[Exercise goal]: Your task is to copy every record exactly.

[Entries provided]:
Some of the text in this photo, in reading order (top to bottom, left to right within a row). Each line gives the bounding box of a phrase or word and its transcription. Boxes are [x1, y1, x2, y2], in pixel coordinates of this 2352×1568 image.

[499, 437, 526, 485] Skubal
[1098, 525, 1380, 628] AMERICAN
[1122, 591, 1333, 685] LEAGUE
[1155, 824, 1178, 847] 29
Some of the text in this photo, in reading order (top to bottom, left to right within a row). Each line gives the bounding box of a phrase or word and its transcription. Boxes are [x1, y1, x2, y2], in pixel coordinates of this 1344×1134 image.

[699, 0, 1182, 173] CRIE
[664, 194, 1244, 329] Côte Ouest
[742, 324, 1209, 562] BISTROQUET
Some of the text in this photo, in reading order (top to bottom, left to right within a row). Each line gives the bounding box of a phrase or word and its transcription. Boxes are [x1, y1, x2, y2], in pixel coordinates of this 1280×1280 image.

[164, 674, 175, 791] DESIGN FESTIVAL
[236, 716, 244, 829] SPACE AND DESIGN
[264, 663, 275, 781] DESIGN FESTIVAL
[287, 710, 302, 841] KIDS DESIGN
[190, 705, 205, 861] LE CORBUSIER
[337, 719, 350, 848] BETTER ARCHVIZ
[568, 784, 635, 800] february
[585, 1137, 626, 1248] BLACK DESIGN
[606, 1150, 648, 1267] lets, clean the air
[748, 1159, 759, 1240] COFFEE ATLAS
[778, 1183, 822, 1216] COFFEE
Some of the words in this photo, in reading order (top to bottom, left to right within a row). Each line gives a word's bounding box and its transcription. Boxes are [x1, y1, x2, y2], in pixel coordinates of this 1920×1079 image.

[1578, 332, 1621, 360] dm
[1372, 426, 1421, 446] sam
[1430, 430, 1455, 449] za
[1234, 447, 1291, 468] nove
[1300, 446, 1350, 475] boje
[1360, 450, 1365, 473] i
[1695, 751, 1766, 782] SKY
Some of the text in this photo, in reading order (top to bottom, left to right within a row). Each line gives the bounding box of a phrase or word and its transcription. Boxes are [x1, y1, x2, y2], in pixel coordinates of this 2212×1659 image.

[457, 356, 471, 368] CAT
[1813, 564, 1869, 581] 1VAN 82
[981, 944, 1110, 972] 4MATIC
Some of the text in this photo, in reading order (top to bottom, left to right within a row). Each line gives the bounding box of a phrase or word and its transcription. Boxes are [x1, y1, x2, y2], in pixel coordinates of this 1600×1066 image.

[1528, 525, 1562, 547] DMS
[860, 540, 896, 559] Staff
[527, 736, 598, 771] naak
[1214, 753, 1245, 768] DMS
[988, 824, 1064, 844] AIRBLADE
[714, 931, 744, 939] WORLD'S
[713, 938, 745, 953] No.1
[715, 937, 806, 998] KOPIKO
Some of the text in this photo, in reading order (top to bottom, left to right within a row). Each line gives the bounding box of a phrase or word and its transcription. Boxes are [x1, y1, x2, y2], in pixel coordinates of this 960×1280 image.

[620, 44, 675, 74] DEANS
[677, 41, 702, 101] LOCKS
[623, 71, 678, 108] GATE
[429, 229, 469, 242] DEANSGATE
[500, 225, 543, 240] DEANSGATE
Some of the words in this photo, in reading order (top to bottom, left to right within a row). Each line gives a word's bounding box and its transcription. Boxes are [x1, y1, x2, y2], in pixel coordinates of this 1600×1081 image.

[Answer to this problem]:
Some of the text in this photo, in reading order (top to bottom, left to right within a row). Each line gives the bounding box of a phrase or word and its transcription. Boxes are [x1, y1, x2, y2], in pixel coordinates of this 2352×1568 image.

[499, 437, 526, 485] Skubal
[1098, 525, 1380, 628] AMERICAN
[1122, 591, 1333, 685] LEAGUE
[1155, 824, 1178, 847] 29
Some of the text in this photo, in reading order (top to bottom, left to right within a row). Each line gives the bounding box of a phrase or word and its transcription. Boxes are [x1, y1, x2, y2], in pixel coordinates of this 1344×1134 image.

[699, 0, 1182, 173] CRIE
[664, 194, 1244, 329] Côte Ouest
[742, 324, 1209, 562] BISTROQUET
Some of the text in this photo, in reading order (top to bottom, left to right within a row). Each line gives the bounding box of a phrase or word and its transcription. Boxes are [x1, y1, x2, y2], in pixel coordinates of this 1280×1280 image.

[164, 674, 175, 791] DESIGN FESTIVAL
[236, 716, 244, 829] SPACE AND DESIGN
[264, 663, 275, 781] DESIGN FESTIVAL
[287, 710, 302, 841] KIDS DESIGN
[190, 705, 205, 861] LE CORBUSIER
[337, 719, 350, 848] BETTER ARCHVIZ
[568, 784, 635, 800] february
[585, 1137, 626, 1248] BLACK DESIGN
[606, 1150, 648, 1267] lets, clean the air
[748, 1159, 759, 1240] COFFEE ATLAS
[778, 1183, 822, 1216] COFFEE
Some of the words in this photo, in reading order (top to bottom, left to right within a row). Each line gives a word's bounding box and its transcription. Boxes are [x1, y1, x2, y2], in pixel coordinates of this 1920×1079 image.

[1578, 332, 1621, 360] dm
[1372, 426, 1421, 446] sam
[1430, 430, 1455, 449] za
[1234, 447, 1291, 468] nove
[1300, 446, 1350, 475] boje
[1360, 450, 1365, 473] i
[1695, 751, 1766, 782] SKY
Some of the text in this photo, in reading order (top to bottom, left to right within a row). Each line gives the bounding box of a phrase or word and its transcription. Boxes are [x1, y1, x2, y2], in pixel coordinates of this 2212×1659 image.

[457, 356, 471, 368] CAT
[1813, 564, 1869, 581] 1VAN 82
[981, 944, 1110, 972] 4MATIC
Some of the text in this photo, in reading order (top to bottom, left to right within a row). Each line gives the bounding box of a phrase or word and its transcription. Boxes are [x1, y1, x2, y2], in pixel coordinates of this 1600×1066 image.

[1528, 525, 1562, 547] DMS
[860, 540, 896, 559] Staff
[527, 736, 598, 771] naak
[1214, 753, 1245, 768] DMS
[988, 824, 1064, 844] AIRBLADE
[714, 931, 744, 939] WORLD'S
[713, 938, 745, 953] No.1
[715, 937, 806, 998] KOPIKO
Some of the text in this photo, in reading order (top to bottom, left to right within a row). Each line gives the bounding box of a phrase or word and its transcription. Boxes are [x1, y1, x2, y2], in pixel coordinates of this 960×1280 image.

[620, 44, 675, 74] DEANS
[677, 41, 702, 101] LOCKS
[623, 71, 678, 108] GATE
[429, 229, 469, 242] DEANSGATE
[500, 225, 543, 240] DEANSGATE
Some of the words in this photo, in reading order (top to bottom, left to right within a row). Each line gives a word's bounding box and its transcription. Boxes are [x1, y1, x2, y2], in pixel coordinates of this 1600×1081 image.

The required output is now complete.